I now have a 3-4x speedup for parse_doc and backrefs!, but raise_recursive has actually got 10-20% slower. The memory usage of parse_doc has been reduced by ~75%.

richiejp commented 5 years ago

It now has intermediate types for everything (instead of using tagged dicts). raise_recursive is probably easier to understand due to the use of multiple dispatch, but is about the same speed. Probably a lot of dynamic dispatch could be cut out, but I won't try that yet.

I am not sure about attempting to cut out the intermediate stage for now. I will remove the WIP, although maybe some cleanup is needed. Note this PR also includes #33.

richiejp commented 5 years ago

I made a couple of attempts at removing the gratuitous dynamic dispatch in raise_recursive because my real data seems to be dominated by this so the improvement is only moderate. I have included the second attempt which makes things, maybe slightly better than they were before. It seems like a significant overhaul would be required to get it significantly faster.

Really the intermediate stage needs to be cut out, which I guess is only practical if the IO stream is seekable. The backrefs probably need to raised recursively first which would require indexing the backref array before doing anything else.

richiejp commented 5 years ago

I have done some work on removing the intermediate layer: https://github.com/richiejp/BSON.jl/tree/read-direct

It seems practically possible to create the final Julia types directly from the BSON data, except maybe for some intermediate string/byte array allocations when creating symbols and similar. Also for arrays it is convenient to create an iterator object, but it is just a thin wrapper around the IO stream. So I am pretty confident this will result in a significant improvement when the user is using a lot of composite types.

richiejp commented 5 years ago

So far I got something like ~30% from the read-direct branch and a slight increase in memory consumption. I expected something better, but it seems it spends a significant amount of time allocating tuples (for an array iterator which parses each item as it iterates) and doing dynamic dispatch.

This should all be avoidable when parsing structs or arrays with concrete types because we know in advance what types to expect and so it should be possible to use @generated methods to dynamically create a parser just for the data structures being parsed without any complaints from @code_warntype.

Also the intermediate layer, might have actually been better for the CPU cache. At least where back refs are concerned, but I think resolving the type instability is more interesting for now.

richiejp commented 5 years ago

My initial attempt at using concrete type information (known in advance), is looking far more promising. Even on data structures which include some abstract types, it still gets a 80-100% speedup compared to the read-direct branch without it. Profiling shows dynamic dispatch still showing up in some strange places and I expect some optimisation of Union's with a small number of members is possible. So some more significant speedups are probably still possible.

Obviously this won't be true for all workloads, but if someone's data structures are following the Julia performance guidelines and their data is large/repetitive enough, it will make a world of difference.

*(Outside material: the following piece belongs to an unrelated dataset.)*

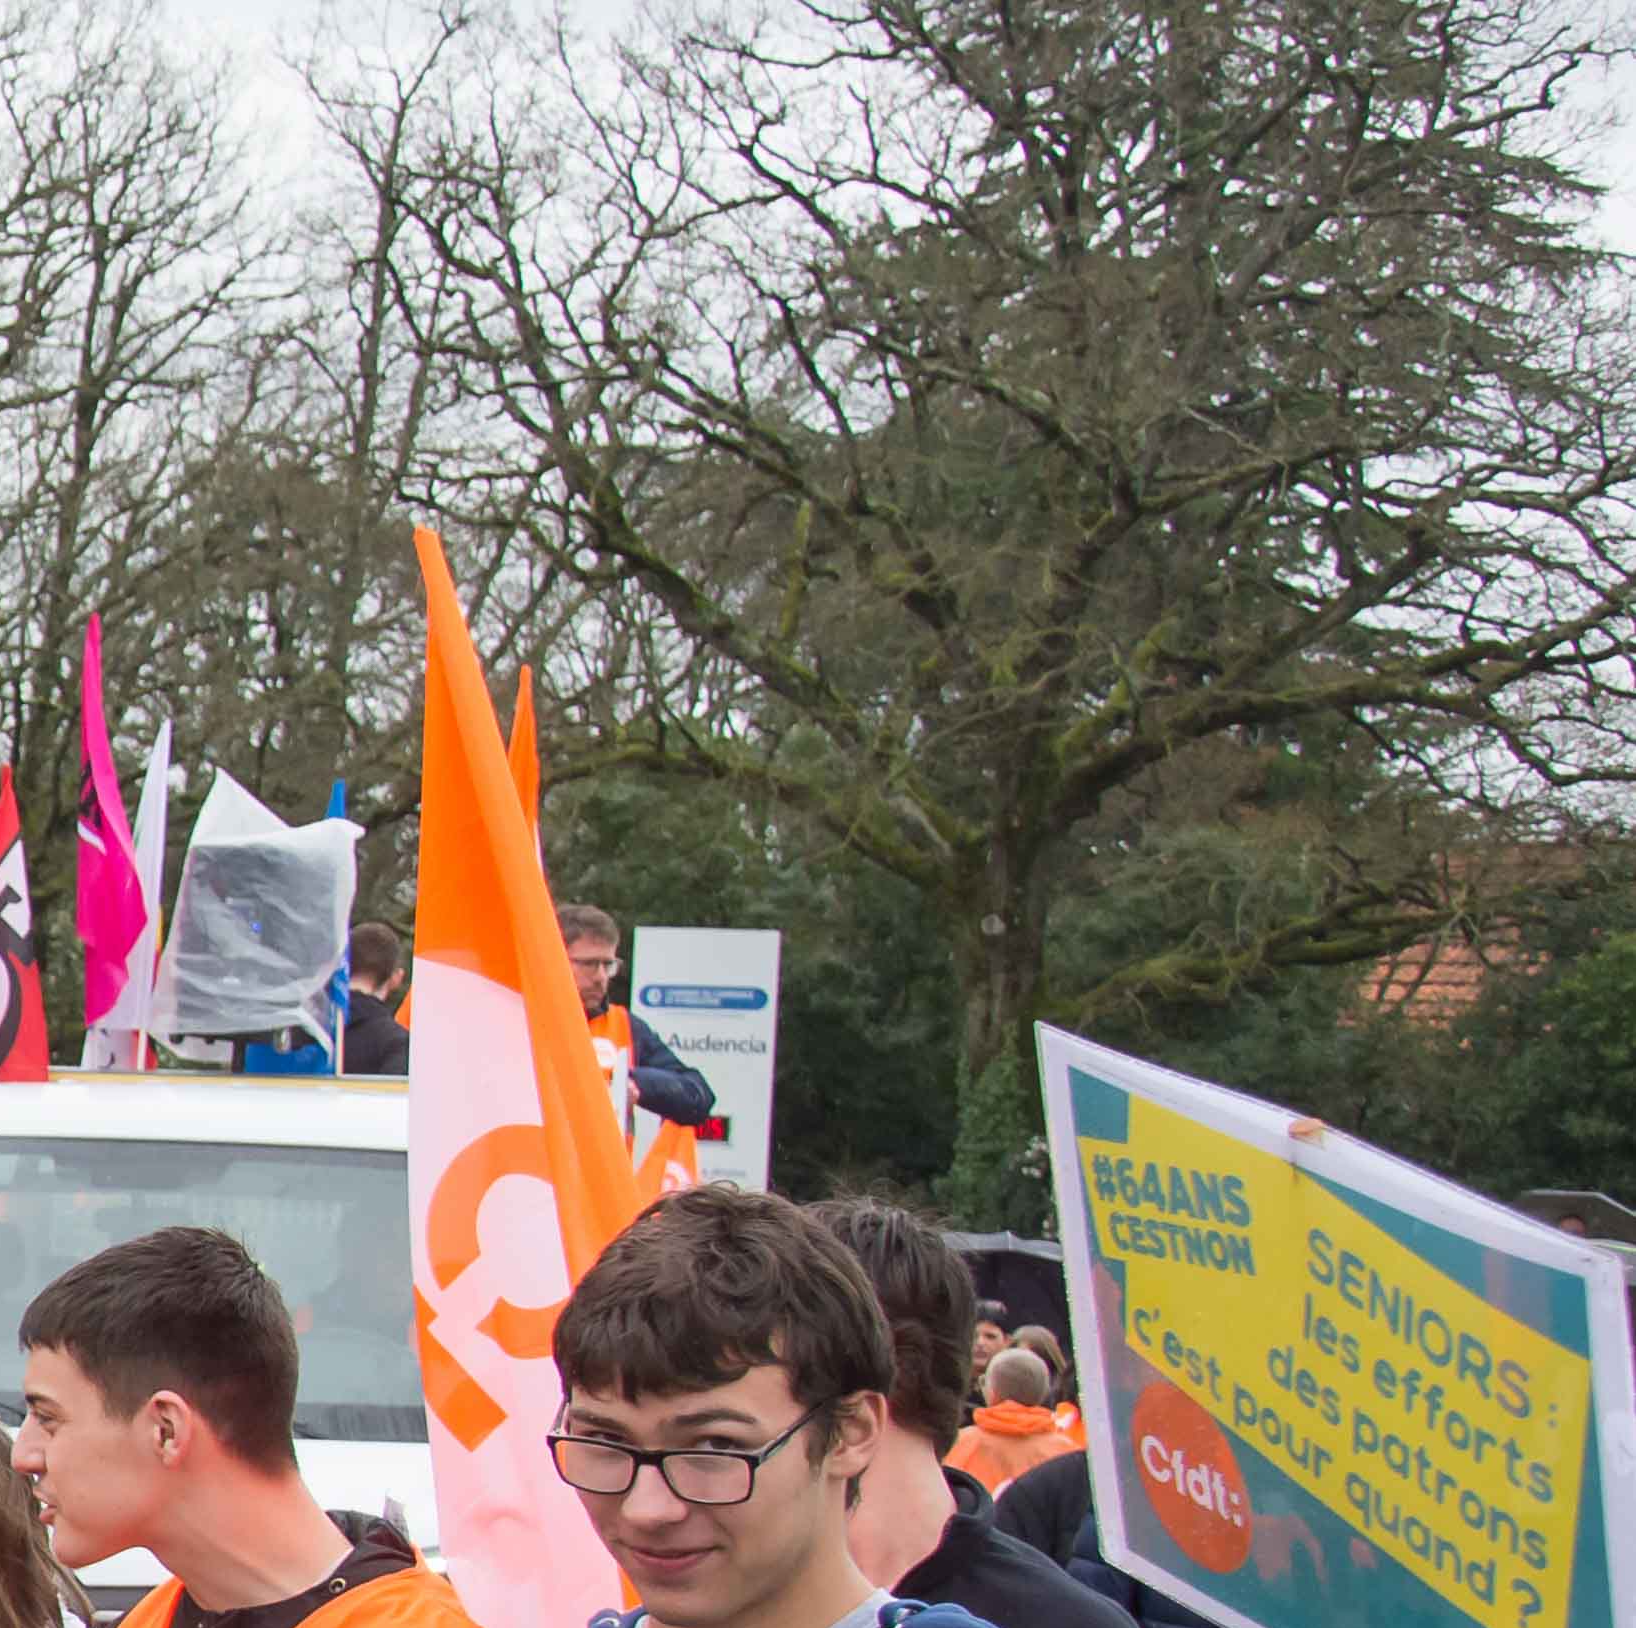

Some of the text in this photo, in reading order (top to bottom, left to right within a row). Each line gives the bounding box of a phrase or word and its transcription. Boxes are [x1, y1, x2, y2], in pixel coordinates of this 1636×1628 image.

https://github.com/richiejp/BSON.jl/blob/read-direct/src/read_direct.jl#L204

richiejp commented 5 years ago

After some more tweaks, it is now consistently a little over 2x faster than this branch and uses slightly less memory. With ideal data it would probably be a fair amount faster still. I will probably clean it up next, so that I can at least start using it.

richiejp commented 5 years ago

I'm not sure if @MikeInnes is interested in this (which is understandable if true) and my changes result in some slightly different behavior so I have created an alternative package: BSONqs. I also created some benchmarks which show a significant improvement for nested structures. For numeric data without much nesting it is slightly faster, but not by much. The bottleneck there is reinterpret.